The records below are to be restated word for word; their pictures are not.

*** Records to use ***

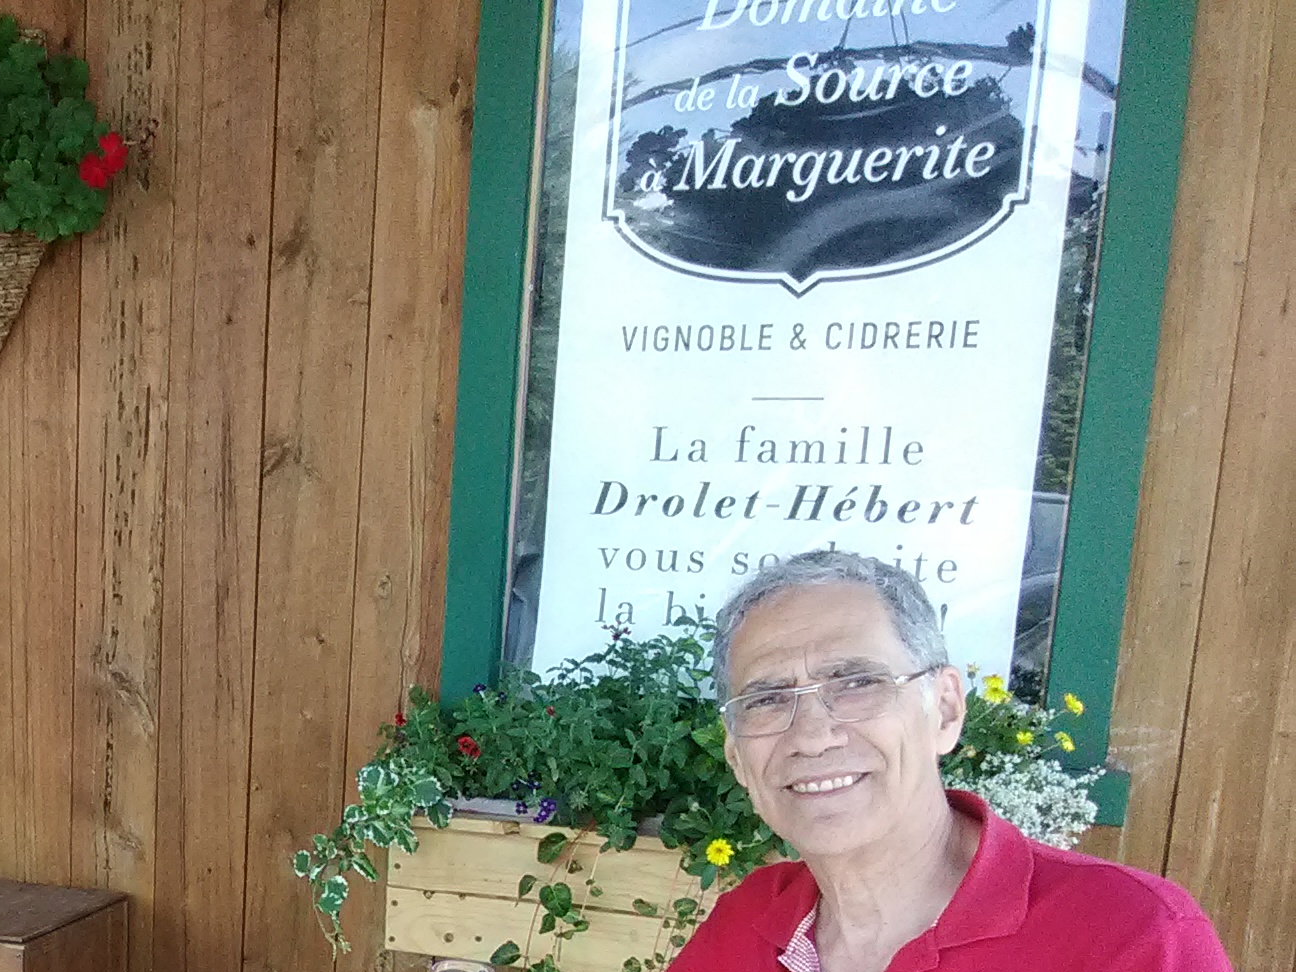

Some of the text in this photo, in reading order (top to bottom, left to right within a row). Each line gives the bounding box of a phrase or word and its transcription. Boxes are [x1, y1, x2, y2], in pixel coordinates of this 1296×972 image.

[674, 52, 973, 112] de la Source
[640, 126, 995, 202] à Marguerite
[622, 320, 981, 352] VIGNOBLE & CIDRERIE
[650, 425, 925, 466] La famille
[590, 480, 980, 526] Drolet-Hébert
[598, 541, 958, 583] vous soite
[594, 587, 635, 625] la

*** End of Records to use ***

■ **Output for this exercise**
Some of the text in this photo, in reading order (top to bottom, left to right within a row). Each line gives the bounding box of a phrase or word and its transcription. Boxes are [x1, y1, x2, y2], in pixel coordinates of this 1296×972 image.

[674, 52, 973, 112] de la Source
[640, 126, 995, 202] à Marguerite
[622, 320, 981, 352] VIGNOBLE & CIDRERIE
[650, 425, 925, 466] La famille
[590, 480, 980, 526] Drolet-Hébert
[598, 541, 958, 583] vous soite
[594, 587, 635, 625] la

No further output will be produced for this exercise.